ここまで読んでくださりありがとうございます。

これからはまた月曜日に週一投稿できるよう、書いていきたいと思います!

 鮮やかな緑色のバグズの姿がそこにあった。全体的なデザインは他のバグズと大差ないが、その両腕には手がない。剣のような形状の物がその手首から先から生えていた。


「危なかった……ダイノエナジーの残量は?」

「五二%」


 ほぼ使い切っているかもしれないと覚悟していたユウキは、まだ半分を切っていなかったことに驚く。数日前にアリスが脚部パーツのエネルギー効率について話していたが、まさかここまで向上しているとは想像していなかった。

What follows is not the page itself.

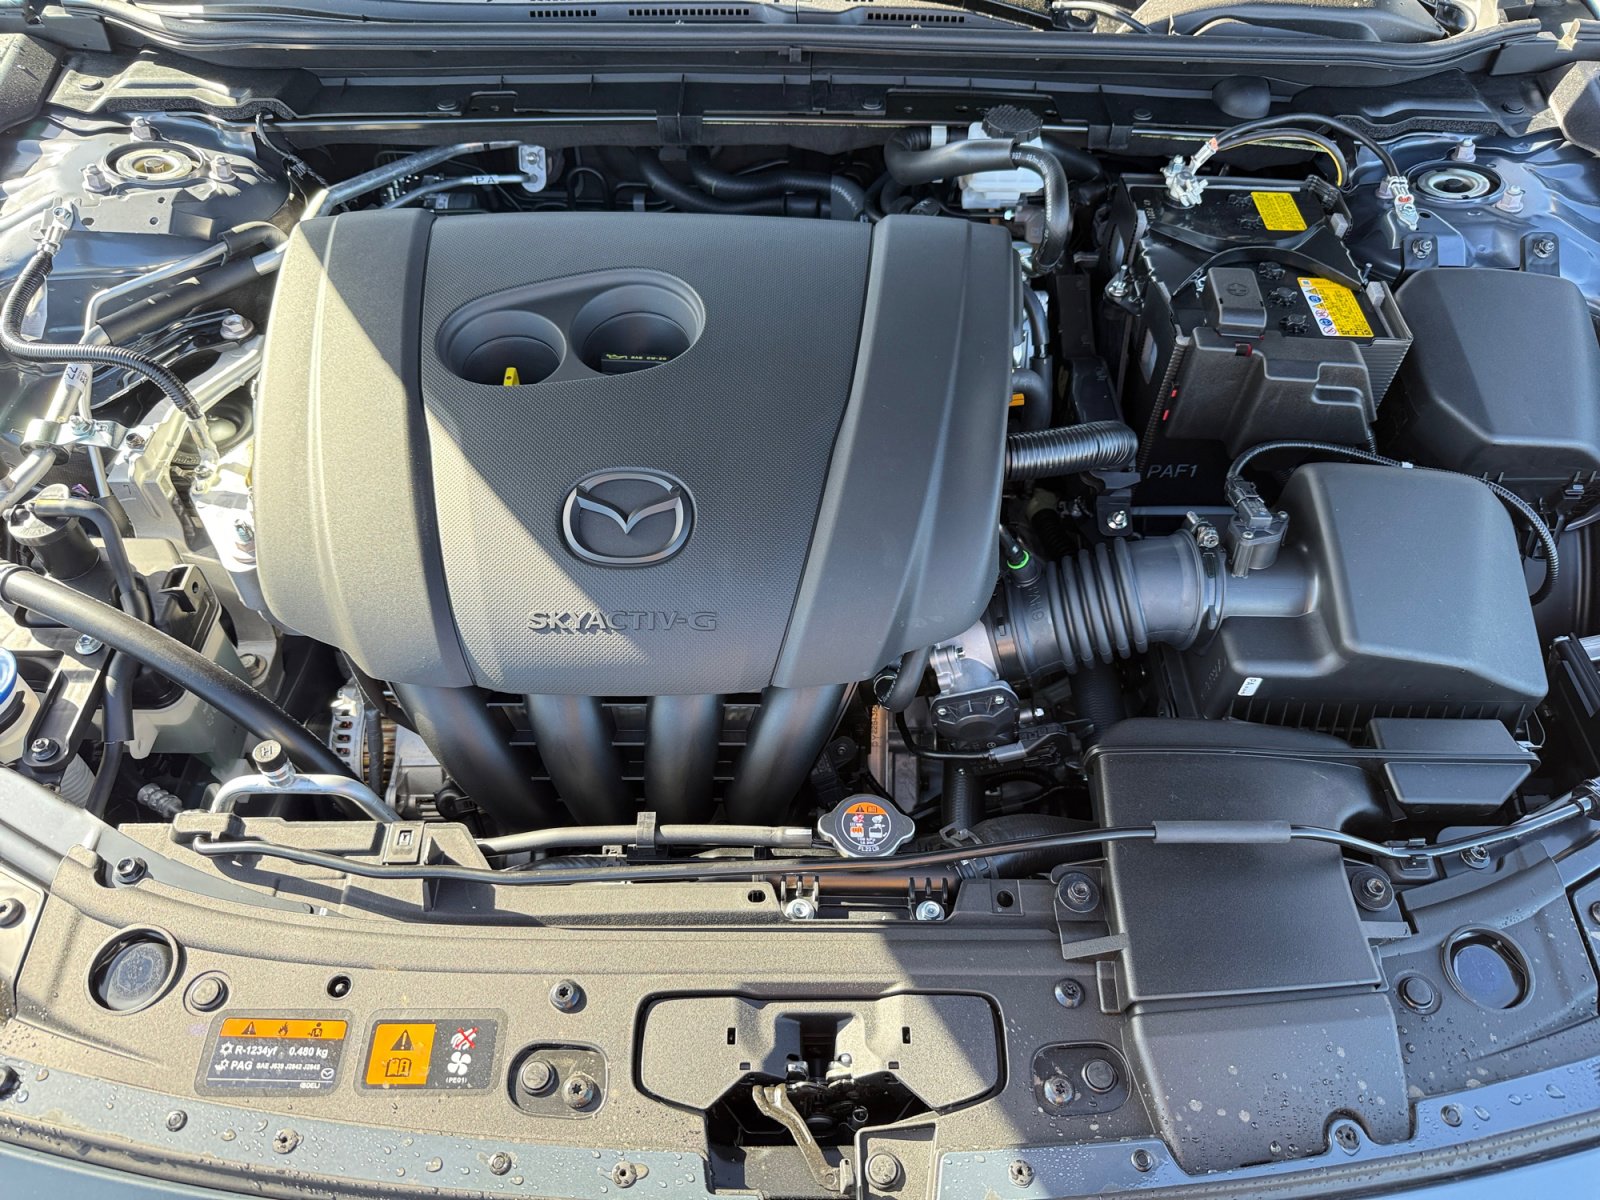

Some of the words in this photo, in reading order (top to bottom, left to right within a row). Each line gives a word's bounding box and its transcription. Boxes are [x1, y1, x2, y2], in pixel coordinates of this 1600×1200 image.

「それだけ残ってるなら、このまま空中から仕留め……おわっ!」


 緑色のバグズから放たれた砲弾がパルチザンをかすめて飛んでいった。背負うように備え付けられた砲身がバグズの左肩から覗いている。


 テールバインダーの出力を上げて空中を移動するパルチザンを狙って、二発三発と砲弾が放たれる。ユウキも反撃してマギアマグナムを撃つものの、予想以上に敵の運動性が高くなかなか命中しない。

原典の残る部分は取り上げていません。